## [TASK STATEMENT]
Each entry below must come back exactly as written, without its pictures.

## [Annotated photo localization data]
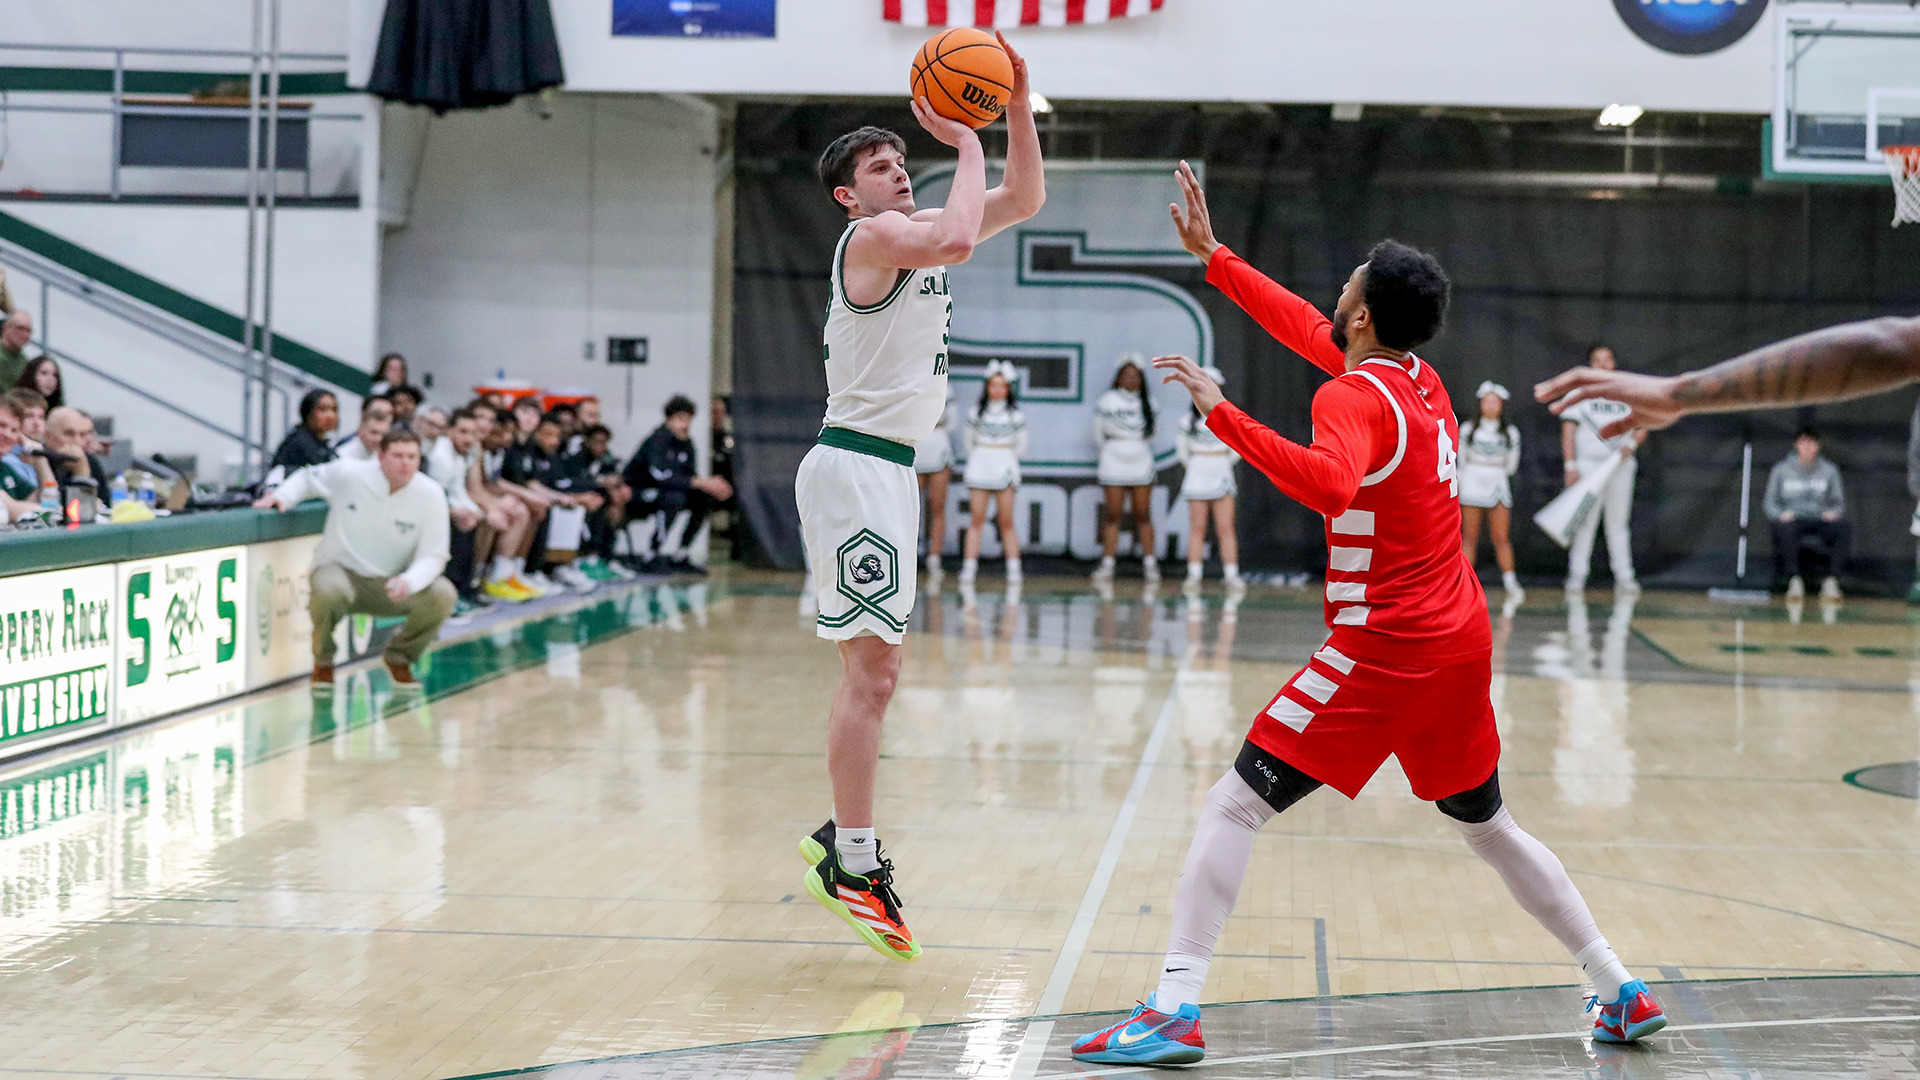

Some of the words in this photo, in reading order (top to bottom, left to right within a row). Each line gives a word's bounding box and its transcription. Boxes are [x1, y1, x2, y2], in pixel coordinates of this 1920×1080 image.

[1437, 418, 1459, 499] 4
[126, 571, 151, 688] S
[216, 558, 237, 664] S
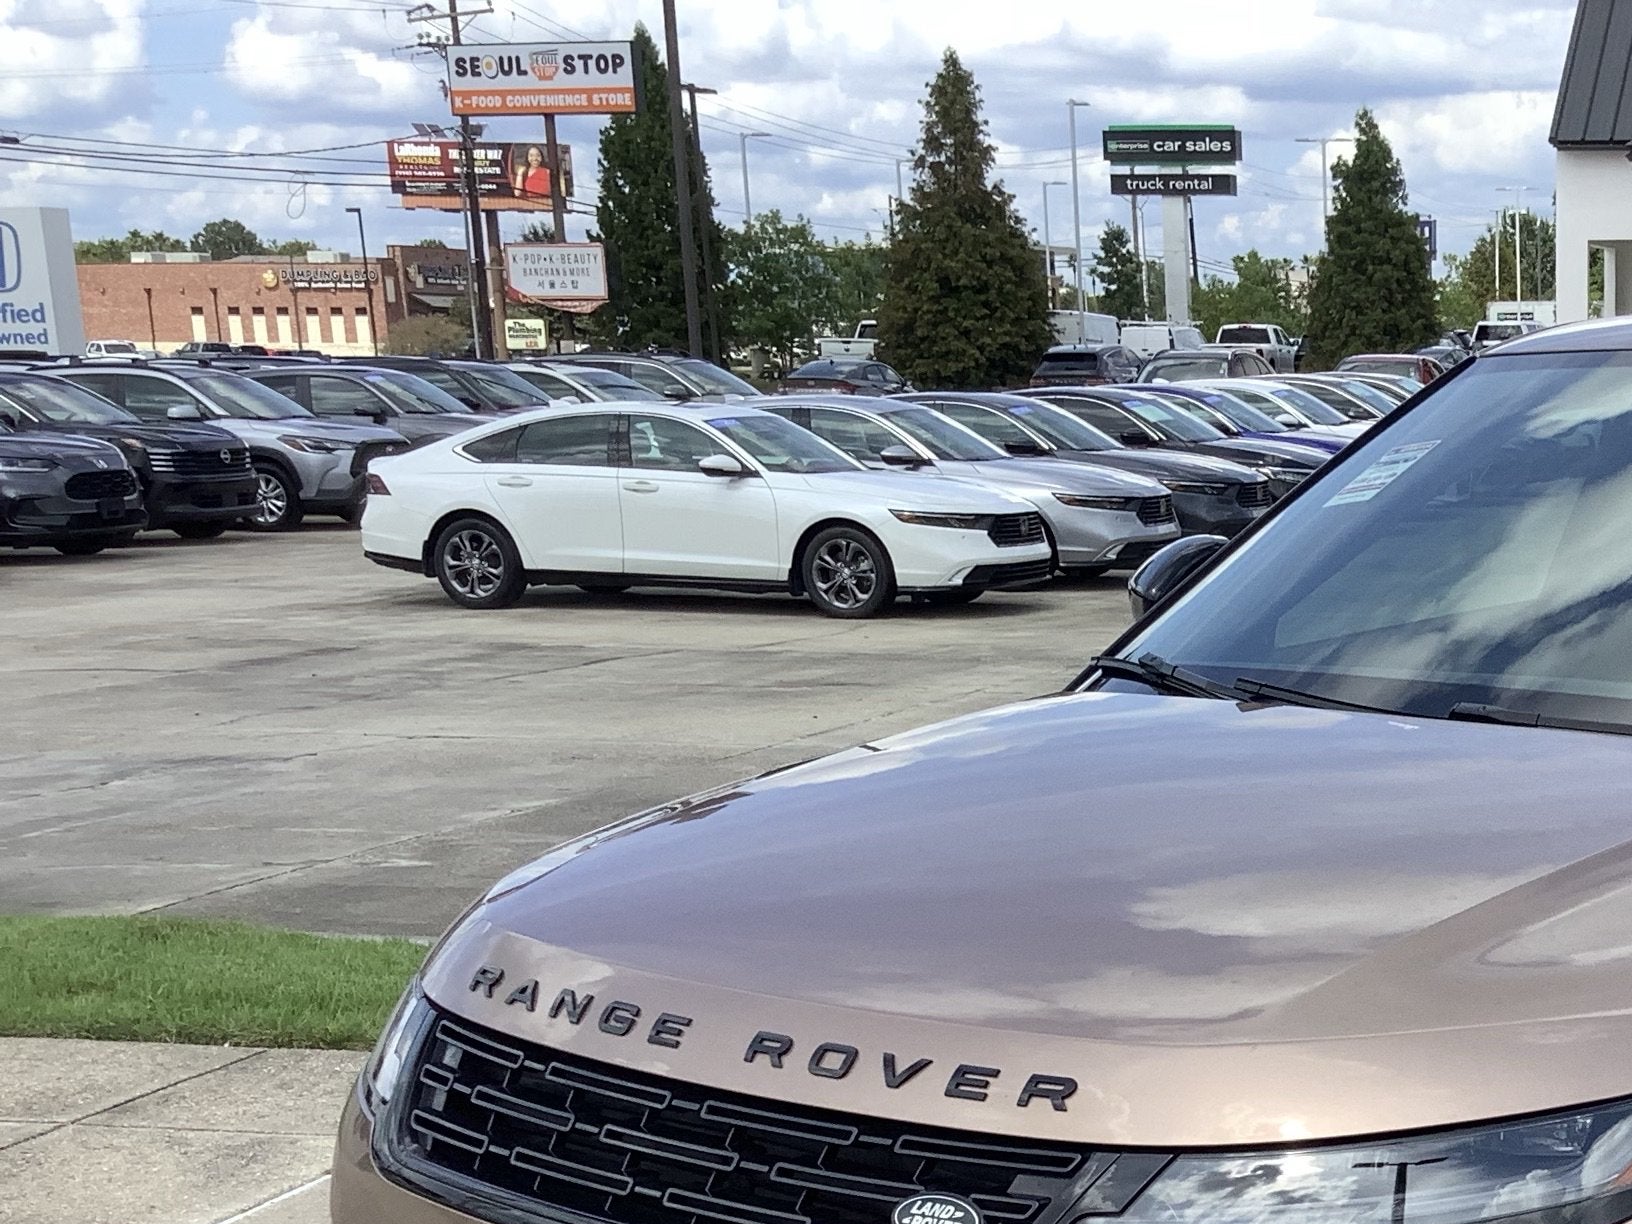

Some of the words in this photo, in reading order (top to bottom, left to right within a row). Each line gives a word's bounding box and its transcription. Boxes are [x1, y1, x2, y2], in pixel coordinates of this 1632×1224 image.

[454, 54, 529, 79] SEOUL
[562, 53, 625, 75] STOP
[454, 95, 502, 109] K-FOOD
[506, 93, 589, 108] CONVENIENCE
[592, 92, 632, 106] STORE
[1153, 139, 1181, 152] car
[1185, 136, 1232, 152] sales
[1126, 176, 1165, 190] truck
[1169, 176, 1213, 190] rental
[512, 253, 542, 265] K-POP
[548, 253, 599, 264] K-BEAUTY
[281, 269, 339, 281] DUMPLING
[343, 270, 350, 279] &
[523, 267, 560, 277] BANCHAN
[569, 267, 590, 277] MORE
[469, 966, 693, 1049] RANGE
[743, 1030, 1079, 1112] ROVER
[910, 1200, 956, 1219] LAND

## [WRITTEN ANSWER]
Some of the words in this photo, in reading order (top to bottom, left to right within a row). Each line gives a word's bounding box and its transcription. Boxes are [x1, y1, x2, y2], in pixel coordinates of this 1920×1080 image.

[1437, 418, 1459, 499] 4
[126, 571, 151, 688] S
[216, 558, 237, 664] S

Some of the words in this photo, in reading order (top to bottom, left to right within a row). Each line gives a word's bounding box and its transcription. Boxes are [x1, y1, x2, y2], in pixel coordinates of this 1632×1224 image.

[454, 54, 529, 79] SEOUL
[562, 53, 625, 75] STOP
[454, 95, 502, 109] K-FOOD
[506, 93, 589, 108] CONVENIENCE
[592, 92, 632, 106] STORE
[1153, 139, 1181, 152] car
[1185, 136, 1232, 152] sales
[1126, 176, 1165, 190] truck
[1169, 176, 1213, 190] rental
[512, 253, 542, 265] K-POP
[548, 253, 599, 264] K-BEAUTY
[281, 269, 339, 281] DUMPLING
[343, 270, 350, 279] &
[523, 267, 560, 277] BANCHAN
[569, 267, 590, 277] MORE
[469, 966, 693, 1049] RANGE
[743, 1030, 1079, 1112] ROVER
[910, 1200, 956, 1219] LAND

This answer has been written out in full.